Bosun is the sandboxed development environment I've built on top of Pi. It wraps Pi with Nix for reproducible tooling and bubblewrap for filesystem isolation. The AI writes to workspace/ and .pi/. Everything else is read-only. Child processes inherit the restrictions.
This sounds like paranoia. It's not. It's the thing that lets me stop watching. Once the sandbox is set up, I can give the agent autonomous permission, no approval prompts, no hovering, and go think about something else. I step in when the agent asks for input or when I want to review, not because I'm afraid of what it might do.
Without isolation, every agent session is a trust exercise. The model has access to your SSH keys, your dotfiles, your other projects. One bad rm -rf and you're done. Designing the harness yourself, or understanding how someone else's harness handles sandboxing, is not paranoia. It's risk management. I trust the sandbox because I built it and can inspect it. You should either do the same or use a harness from someone you trust.
Could you do this with Docker instead of Nix and bubblewrap? Yes. Docker might even feel more secure to you. I find Nix + bwrap faster and more composable. Nix handles the toolchain, bwrap handles the filesystem mounts, and it all runs natively without a VM or daemon. It's all Linux filesystem primitives under the hood.
Nix gives every session the same Go, Node, Python, Rust, ripgrep, git. No "works on my machine." Bubblewrap controls filesystem access. The agent can read /nix (tools) and the codebase, write to workspace/ and .pi/, and that's it.
The sandboxing is layered. The main tmux session runs inside bwrap with read-write access to the workspace. Some agents get an additional restriction: a read-only bash mode via a separate bwrap profile that gives them read and write tools but no shell. This means they can only modify files through Pi's tool hooks, which enforce reservations and path restrictions.
Network isn't restricted (yet). Your code reaches model APIs in every prompt. That's an inherent tradeoff of using hosted models. I've experimented with proxies and Suricata for network-level control but haven't found a workable UX. The agent needs real-time permission prompts when it makes a request, and that's a UX problem I haven't solved.

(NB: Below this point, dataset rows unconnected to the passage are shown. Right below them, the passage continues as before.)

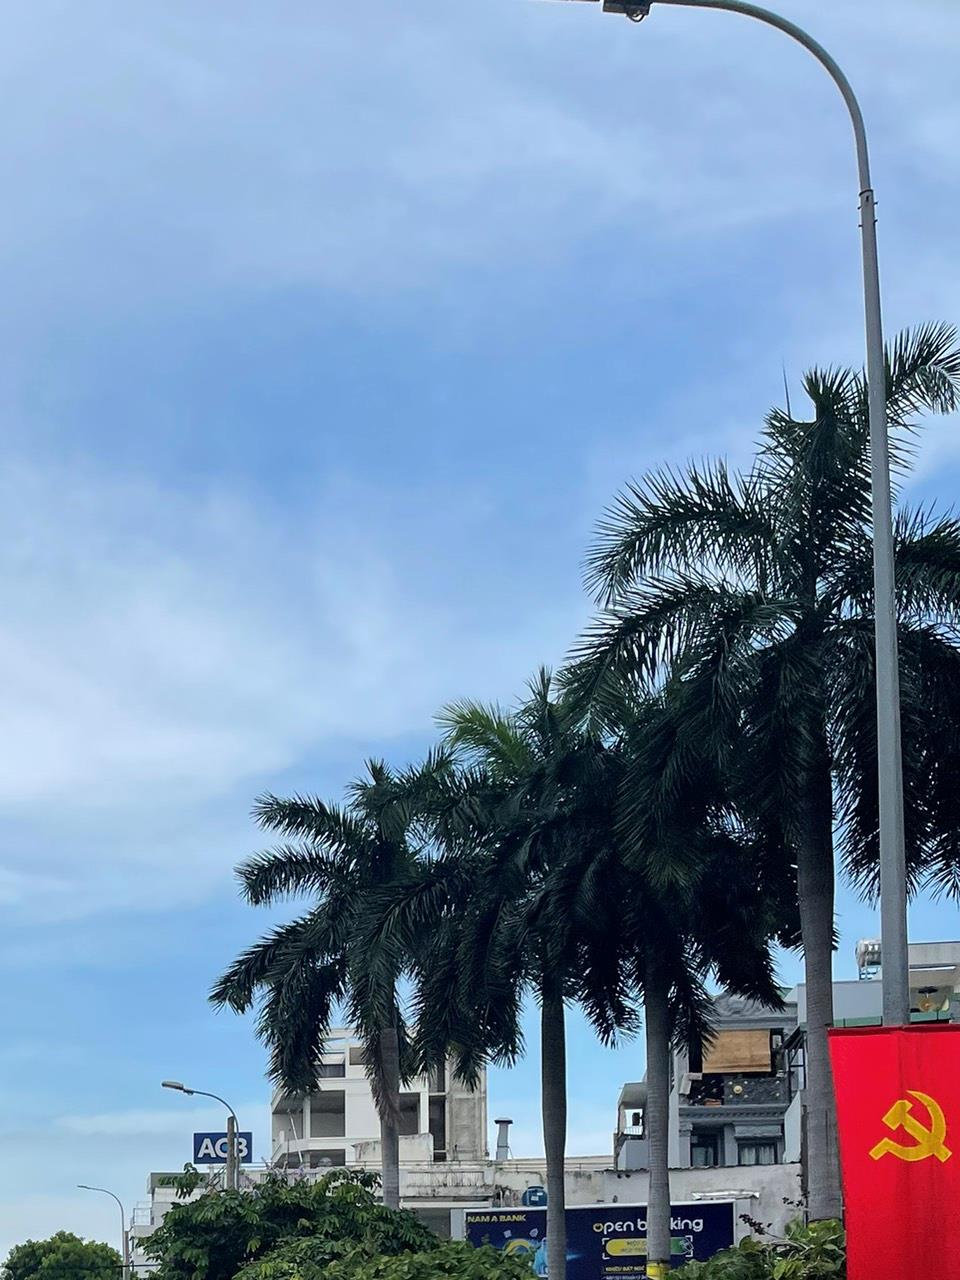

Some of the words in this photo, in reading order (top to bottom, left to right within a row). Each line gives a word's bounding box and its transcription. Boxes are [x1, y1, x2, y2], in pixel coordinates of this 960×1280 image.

[197, 1137, 249, 1158] ACB
[467, 1215, 490, 1223] NAM
[500, 1214, 527, 1222] BANK
[592, 1221, 635, 1235] open
[637, 1217, 704, 1232] bking
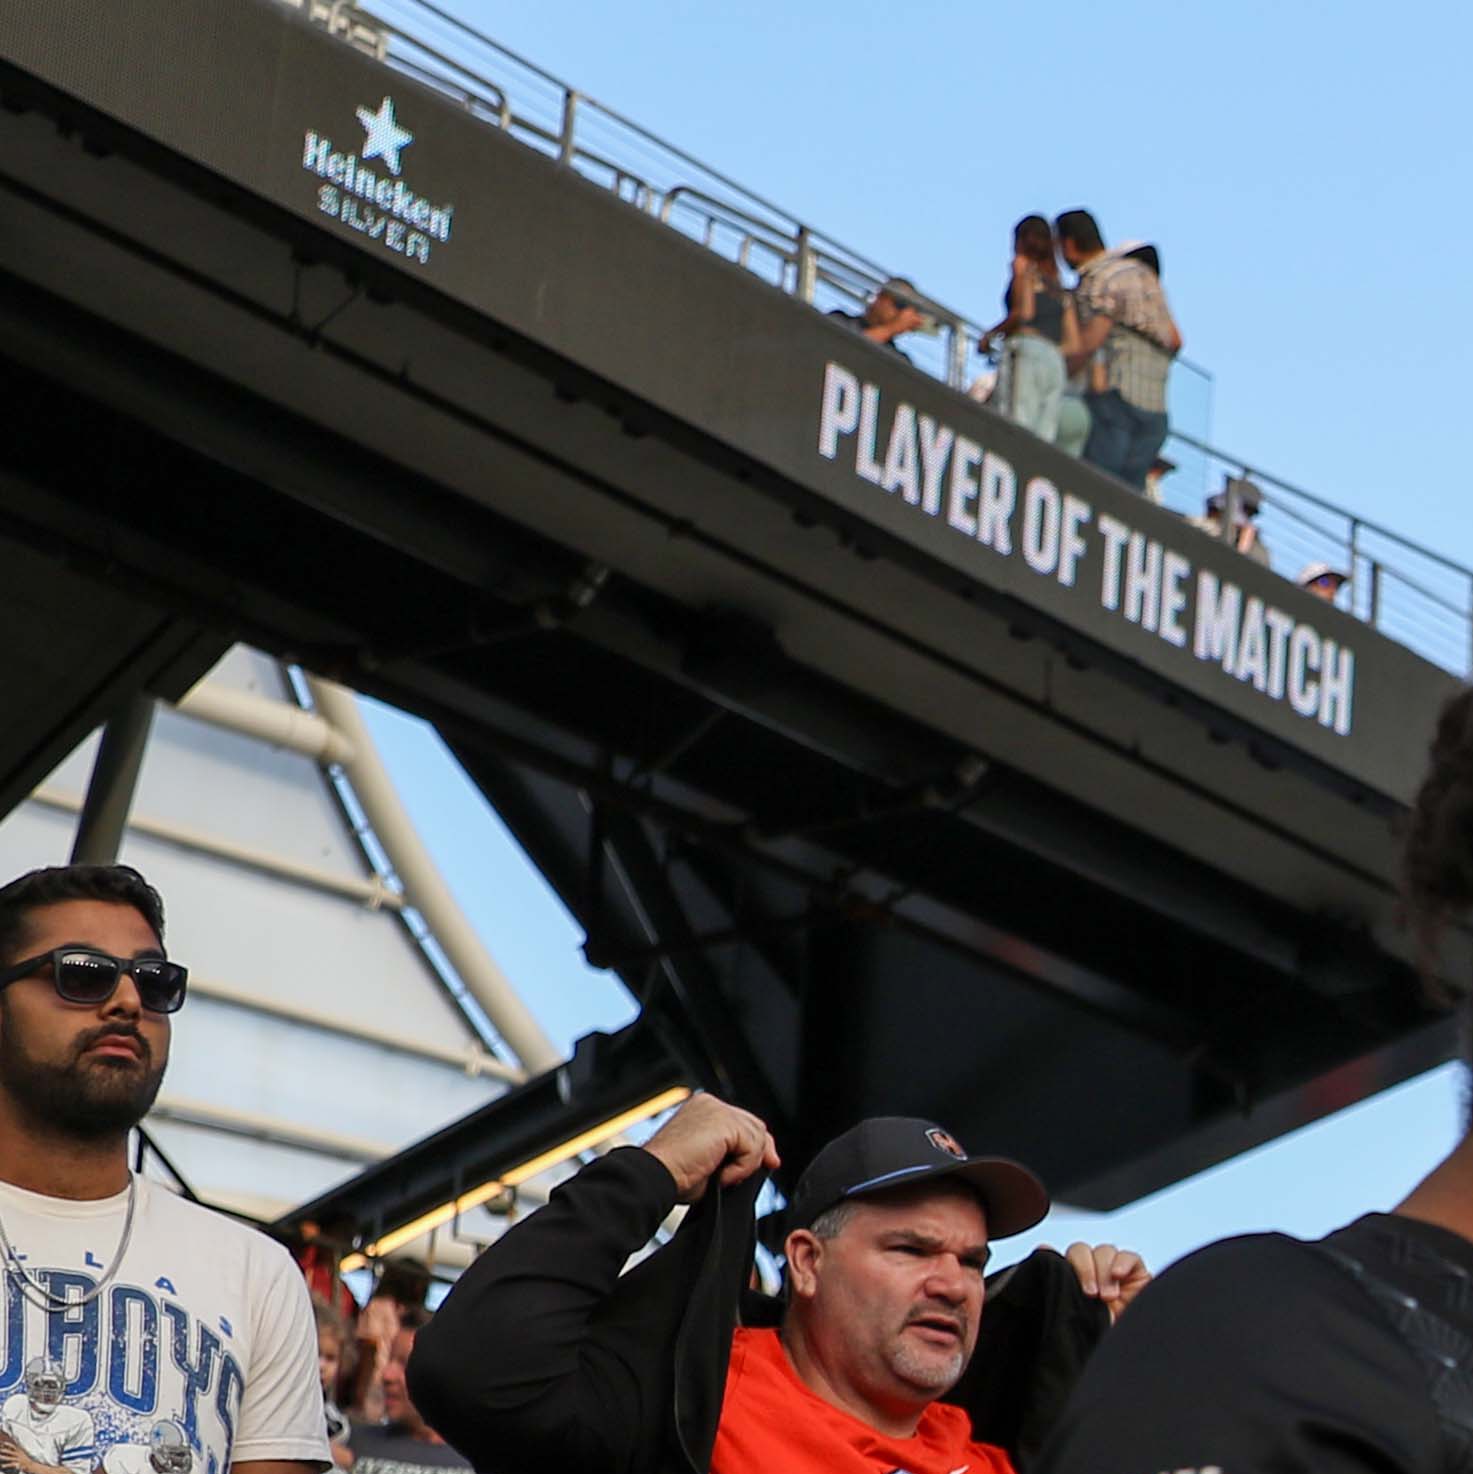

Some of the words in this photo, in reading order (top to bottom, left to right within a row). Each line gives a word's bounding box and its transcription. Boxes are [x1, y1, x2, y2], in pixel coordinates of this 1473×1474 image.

[303, 128, 454, 243] Heineken
[317, 183, 431, 265] SILVER
[819, 360, 1017, 557] PLAYER
[1023, 476, 1091, 587] OF
[1098, 512, 1191, 649] THE
[1193, 568, 1355, 737] MATCH
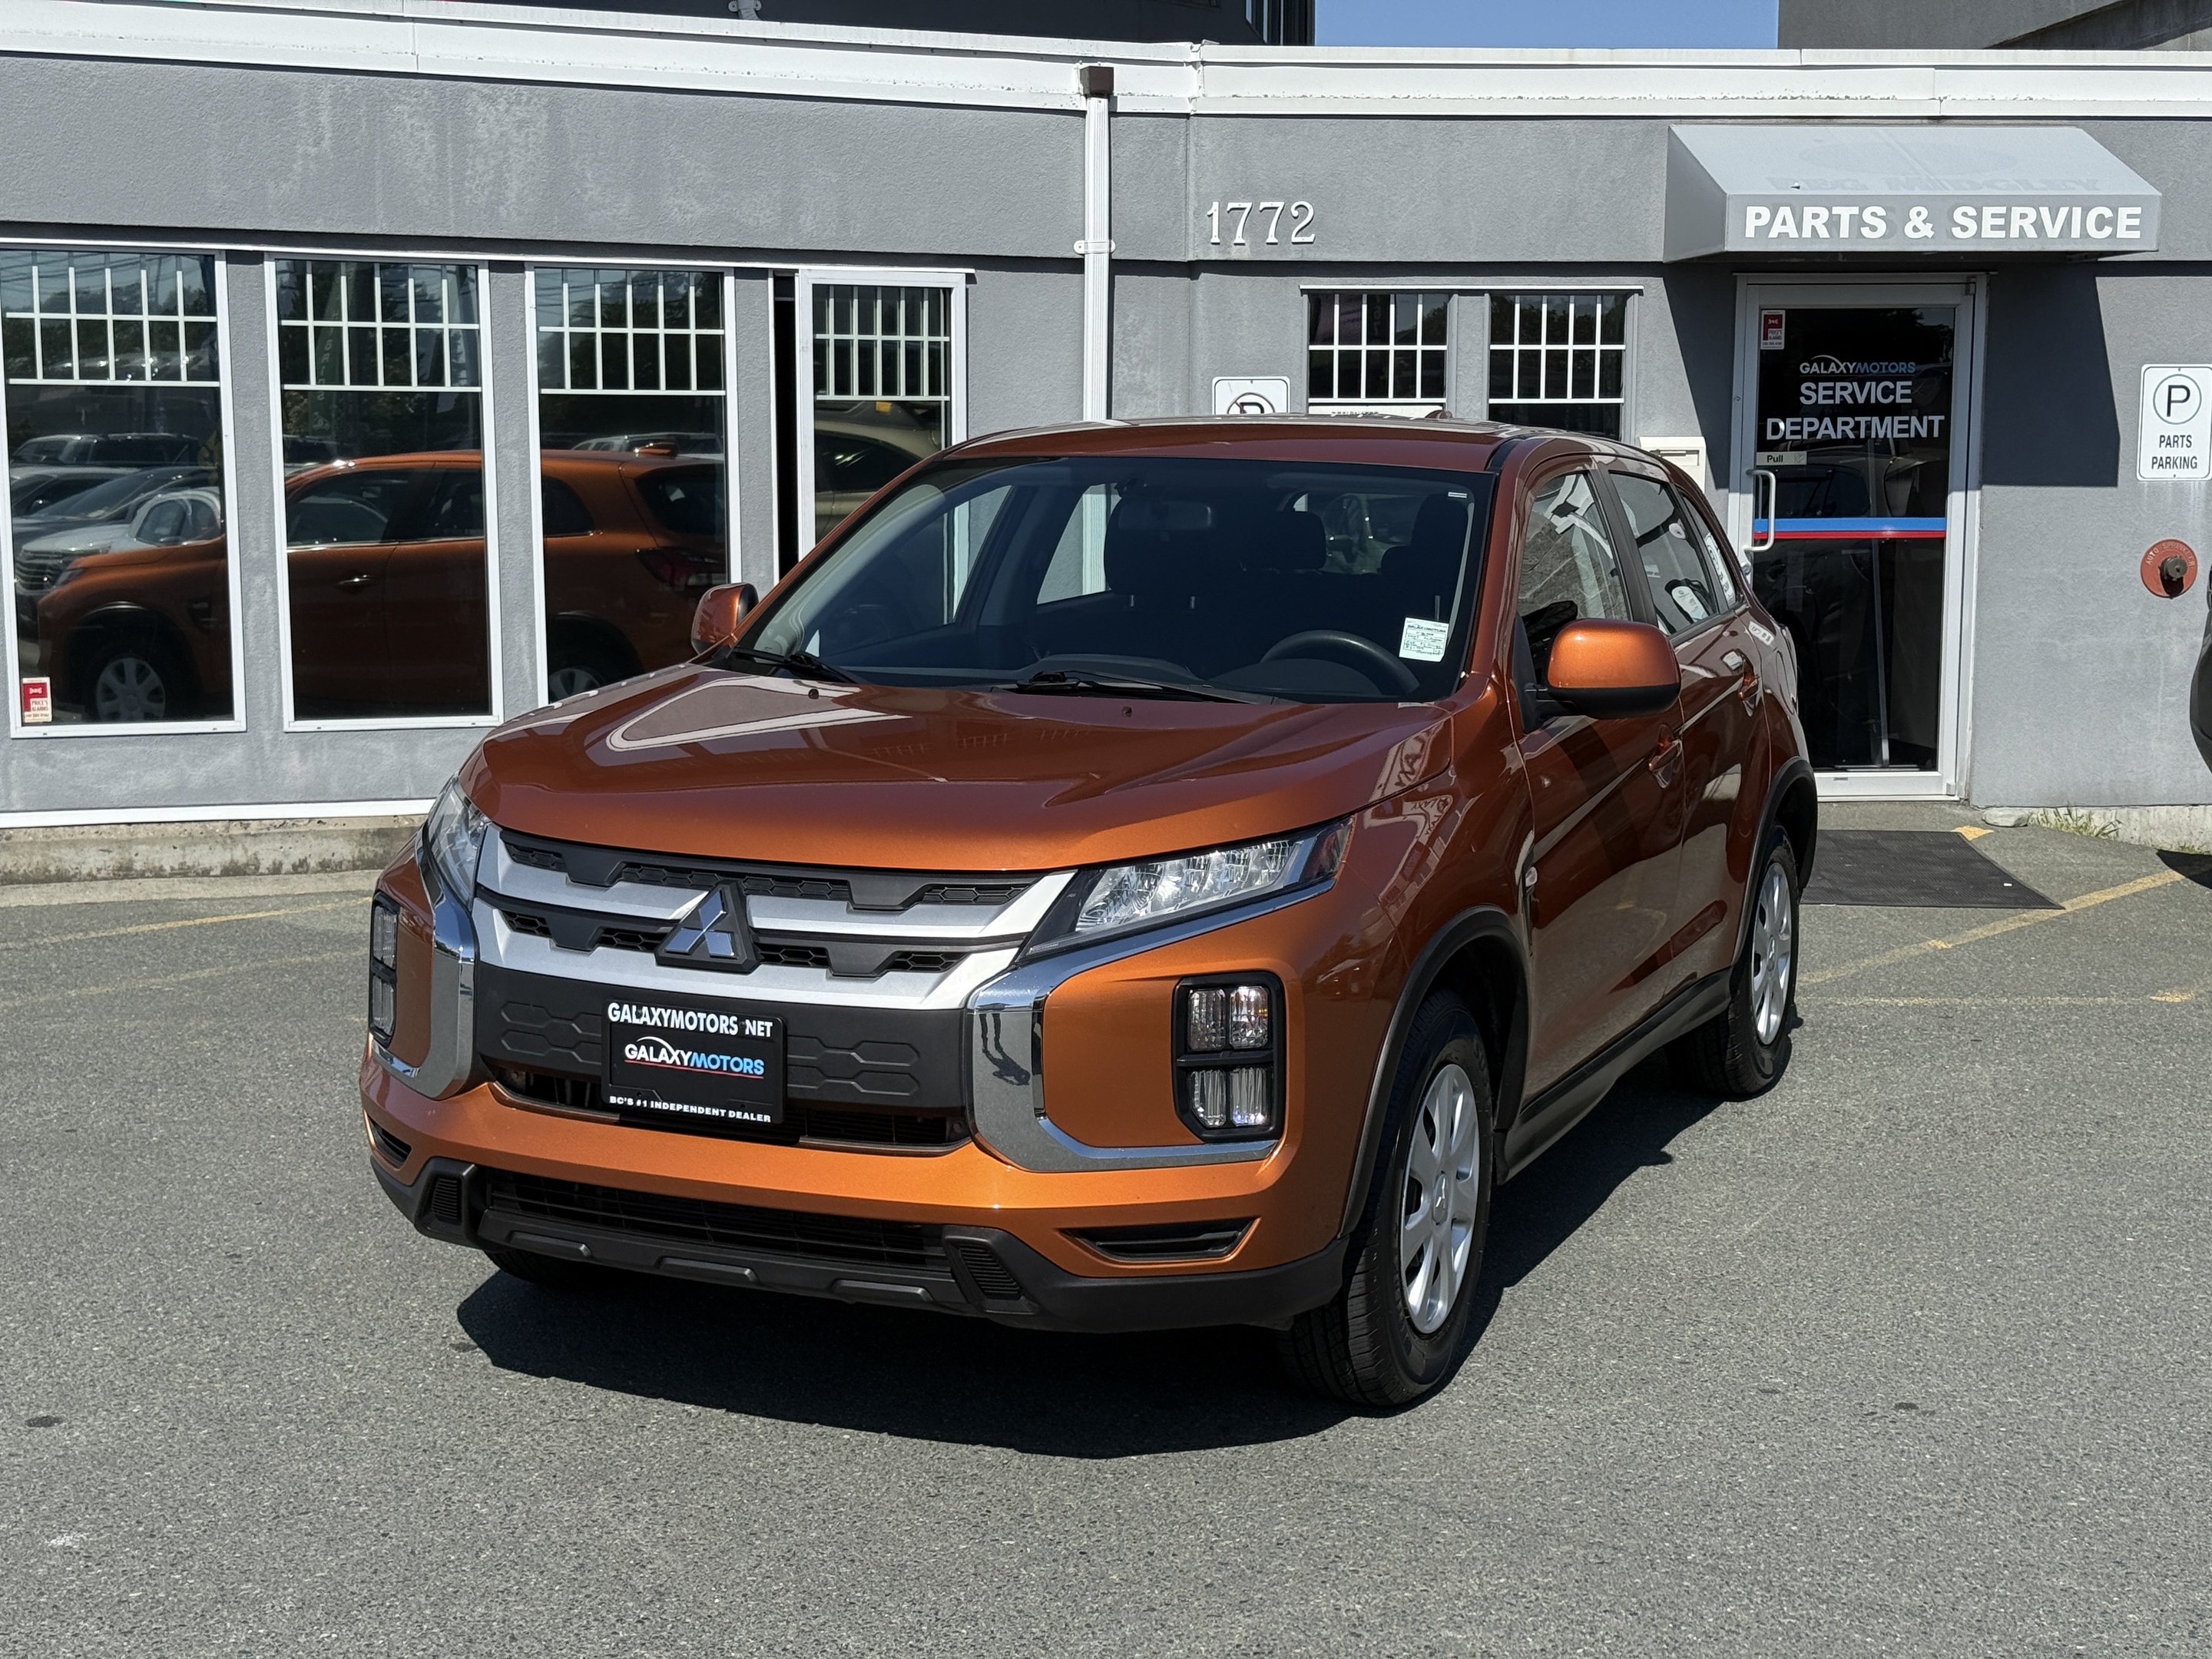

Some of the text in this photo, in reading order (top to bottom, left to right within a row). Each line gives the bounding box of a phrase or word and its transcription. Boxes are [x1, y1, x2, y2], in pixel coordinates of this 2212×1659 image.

[1207, 200, 1316, 244] 1772
[1744, 206, 2143, 240] PARTS & SERVICE
[1800, 361, 1916, 375] GALAXYMOTORS
[1800, 381, 1912, 405] SERVICE
[1767, 416, 1945, 440] DEPARTMENT
[2158, 434, 2192, 449] PARTS
[1767, 454, 1783, 463] Pull
[2151, 456, 2197, 470] PARKING
[2145, 547, 2160, 565] AUTO
[624, 1042, 765, 1075] GALAXYMOTORS
[609, 1096, 771, 1123] BC'S #1 INDEPENDENT DEALER

config.toml unifies everything. It generates multiple Pi configs, extension configs, tmux configs, and bash sandbox configs. The entry point is a justfile. just start creates a tmux session, starts the daemon, generates configs, and launches Pi inside the sandbox. just worker name adds a window. just task "prompt" fires off a headless one-shot. More on the config pipeline in config as code.
The declarative setup means you can onboard others quickly, fork someone else's setup, or refer to it as documentation. Same logic as Nix itself: do it once, the hard way, and every session after that inherits the work. Owning the infrastructure means the compounding is mine, not someone else's.